New data indicates that Kenya will, for instance, need 10.5 million doses for the first vaccine injection to cover at least 20 per cent of the population and 21 million doses for the second administration. But that might not be an easy walk. “It is one of our main items at the global stage,” says Dr Martin Kimani, the new Kenyan ambassador at the UN.

At the moment, wealthy countries are ordering the vaccine in bulk for their citizens and this has left the poor nations wondering if they will, in the short term, access the newly-developed vaccine.

While Mr Guterres wants the vaccines treated as a global public good, he hopes the cash-strapped World Health Organization’s (WHO) COVAX programme would be able to get the desired $4.2 billion to buy and deliver the coronavirus vaccine to poor communities across the world.

$4.1 billion

So far, the WHO’s Access to COVID-19 Tools (ACT) Accelerator, whose aim is to get the vaccines to all corners of the world, has only $5.1 billion in commitment and requires $4.1 billion urgently. By 2021, the project must have secured $24 billion to roll-out vaccinations.

With most African countries lacking finances to respond to the crisis, the fate of the continent, where the 54 nations have registered more than 2.2 million cases and over 53,000 deaths, will be dire, thanks to vaccine nationalism.

Yesterday, the Addis Ababa based Africa Centres for Disease Control and Prevention started discussion on the access of the Covid-19 vaccines.

“What would be extremely dangerous is that people [in rich countries] vaccinate themselves and then impose conditions on who can come in and who can’t. Then, our population will be stranded,” worries John Nkengasong , the head of Africa CDC.

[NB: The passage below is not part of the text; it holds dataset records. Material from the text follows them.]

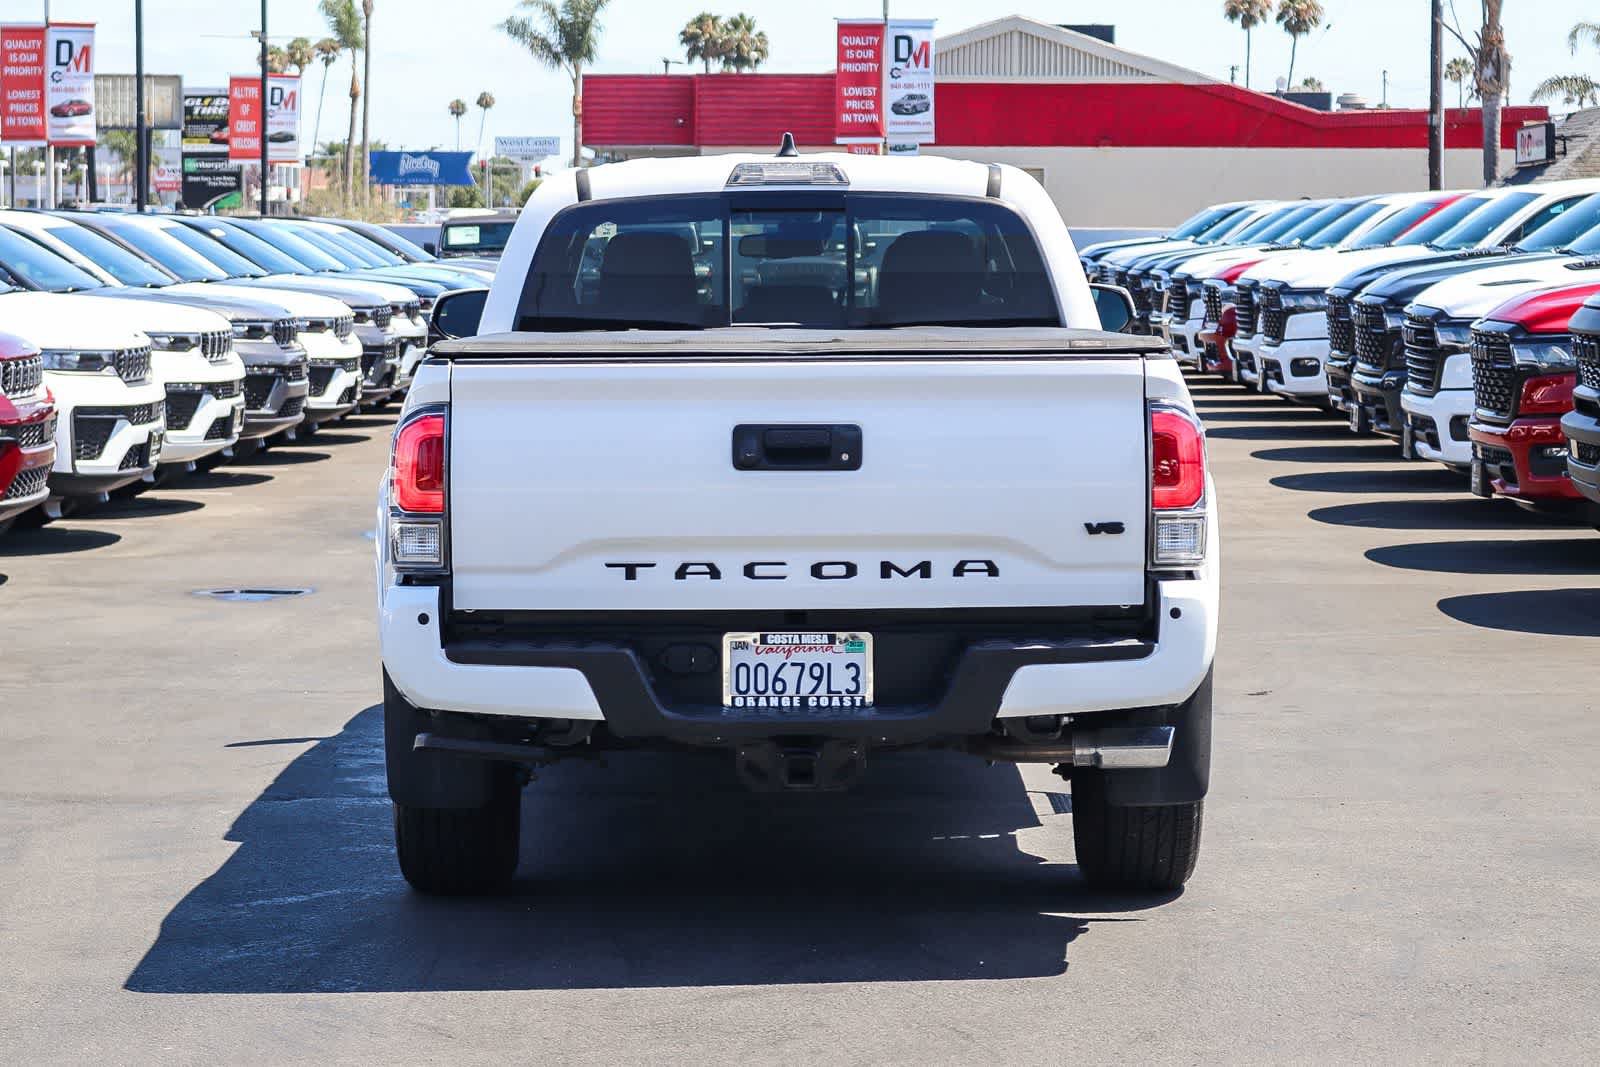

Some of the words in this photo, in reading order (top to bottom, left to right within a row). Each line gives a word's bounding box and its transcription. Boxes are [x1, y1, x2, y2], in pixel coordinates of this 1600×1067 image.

[5, 40, 42, 49] QUALITY
[842, 36, 879, 46] QUALITY
[9, 53, 18, 62] IS
[19, 53, 38, 62] OUR
[847, 50, 855, 58] IS
[856, 50, 874, 58] OUR
[4, 66, 43, 75] PRIORITY
[841, 63, 879, 73] PRIORITY
[7, 90, 41, 99] LOWEST
[843, 87, 877, 97] LOWEST
[9, 103, 39, 113] PRICES
[846, 100, 875, 109] PRICES
[6, 117, 15, 125] IN
[16, 117, 43, 125] TOWN
[842, 113, 852, 123] IN
[853, 113, 879, 123] TOWN
[1084, 522, 1125, 535] V6
[605, 560, 1000, 581] TACOMA
[766, 634, 799, 645] COSTA
[801, 634, 829, 645] MESA
[732, 641, 749, 650] JAN
[755, 645, 843, 660] California
[734, 662, 861, 695] 00679L3
[735, 697, 801, 707] ORANGE
[808, 697, 863, 707] COAST
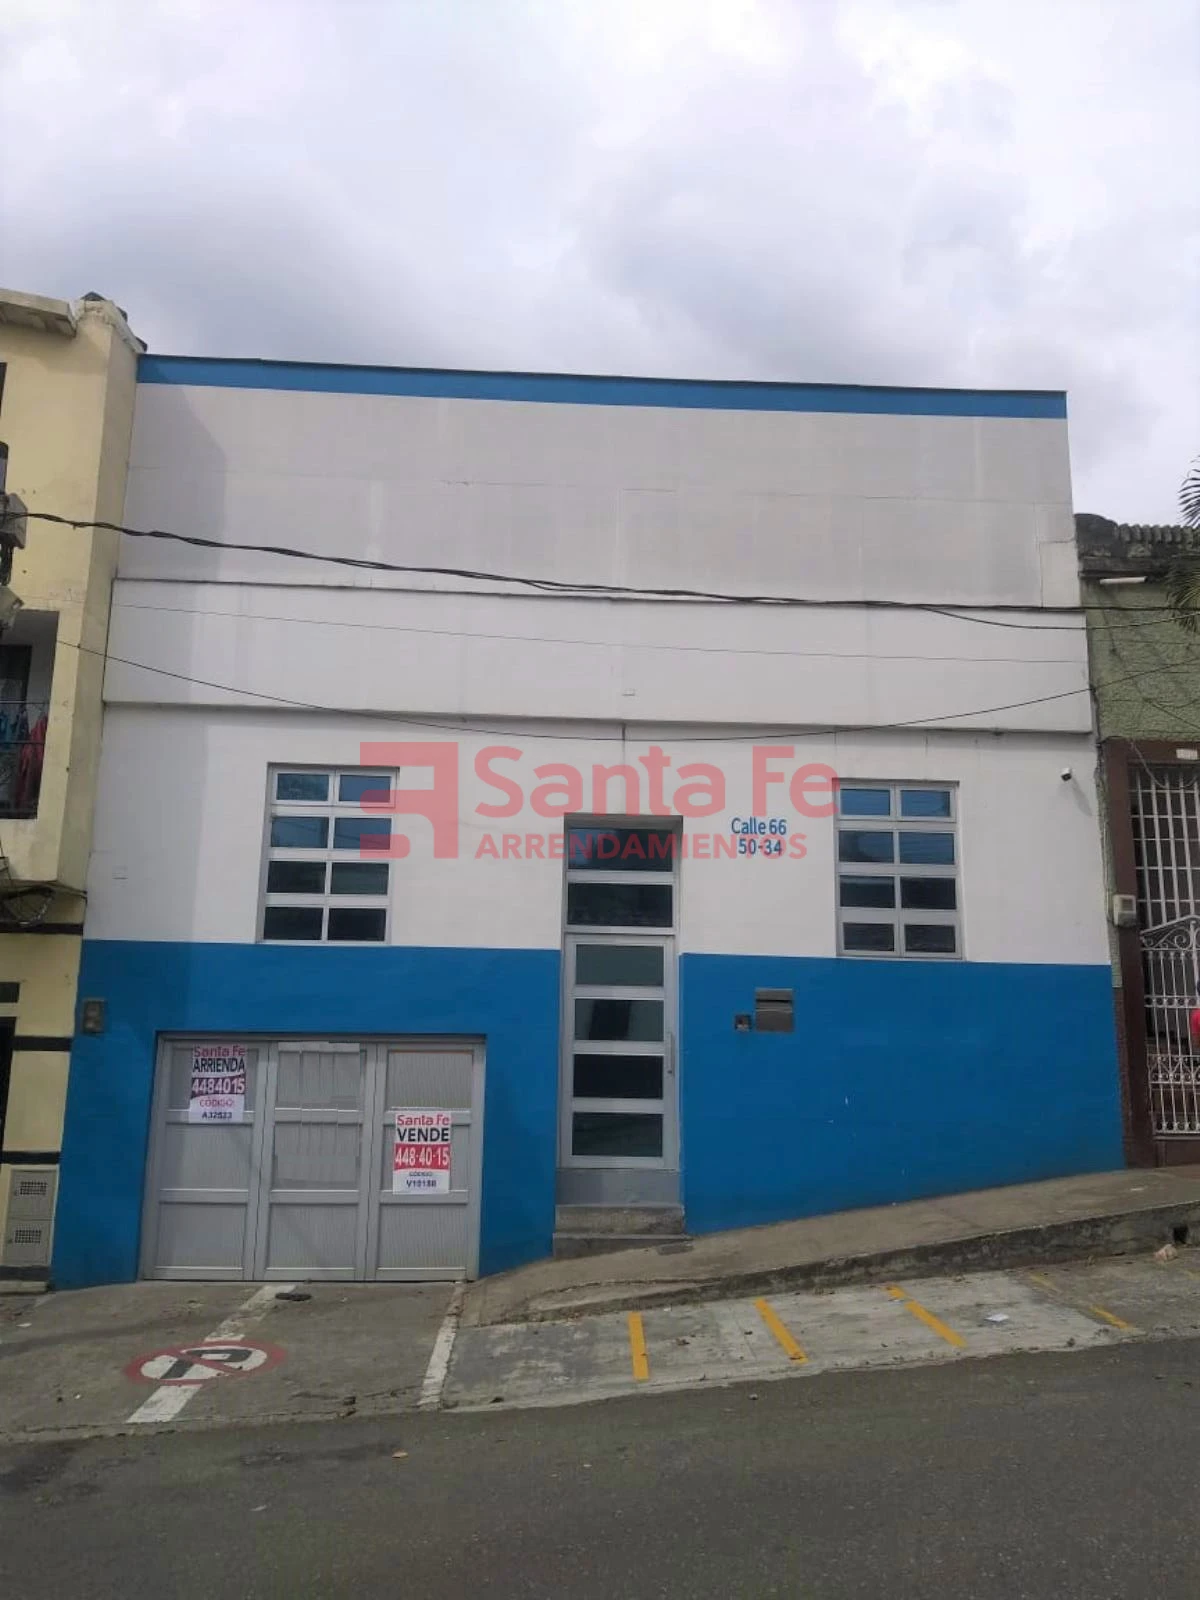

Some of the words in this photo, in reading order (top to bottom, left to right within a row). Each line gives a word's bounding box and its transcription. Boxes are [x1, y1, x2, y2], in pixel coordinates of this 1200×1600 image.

[731, 816, 766, 835] Calle
[769, 818, 787, 835] 66
[738, 838, 782, 856] 50-34
[194, 1046, 230, 1057] Santa
[232, 1045, 245, 1056] Fe
[192, 1057, 245, 1072] ARRIENDA
[191, 1078, 245, 1094] 4484015
[397, 1114, 433, 1126] Santa
[436, 1113, 450, 1126] Fe
[397, 1127, 450, 1142] VENDE

Critics of vaccine nationalism, where countries prioritise their domestic needs, argue that while it helped accelerate the development of the drug, the ordering of the vaccine by only a few countries that can afford will leave a huge part of the globe still at the mercy of Covid-19.

There is history to that since it took 10 years for Africa to get access to life-saving HIV drugs and a lot of campaigns at the global stage.

While China and Russia are already distributing their state-backed vaccines, the Western countries managed to secure billions of doses even before they were approved.

Data from the Duke Global Health Innovation Center, which is tracking vaccine procurement worldwide, indicates that high- and upper-middle-income countries have collectively reserved more than nine billion vaccine doses while lower-income countries, and Kenya sits in that bracket, will have to line up and await funding to access the vaccine.

So far, Kenya is not among the countries listed among nations that have reserved orders although it is listed as “AMC legible”.

AMC stands for Advance Market Commitment, and the current dilemma is how doses for low income countries will be financed — and by whom. An Official Development Assistance (ODA) facility has been set up and some of the 92 ODA-eligible countries will access the vaccines through the AMC ,but will have to pay for the delivery by up to $2 per vaccine, according to Gavi, the Vaccine Alliance.

AMC-eligible countries

While vaccines might be available, Gavi has already said that AMC-eligible countries should also prepare for delivery. “Introducing a new vaccine is a highly complex process with many important steps involved, including national regulatory pathways; human resources and training; logistics and cold chain service delivery to establish priority target populations; data collection and monitoring to ensure coverage is adequate and safe; and social mobilisation and community engagement. So, people are aware of what’s going on and have confidence in Covid-19 vaccines,” said Gavi in a statement.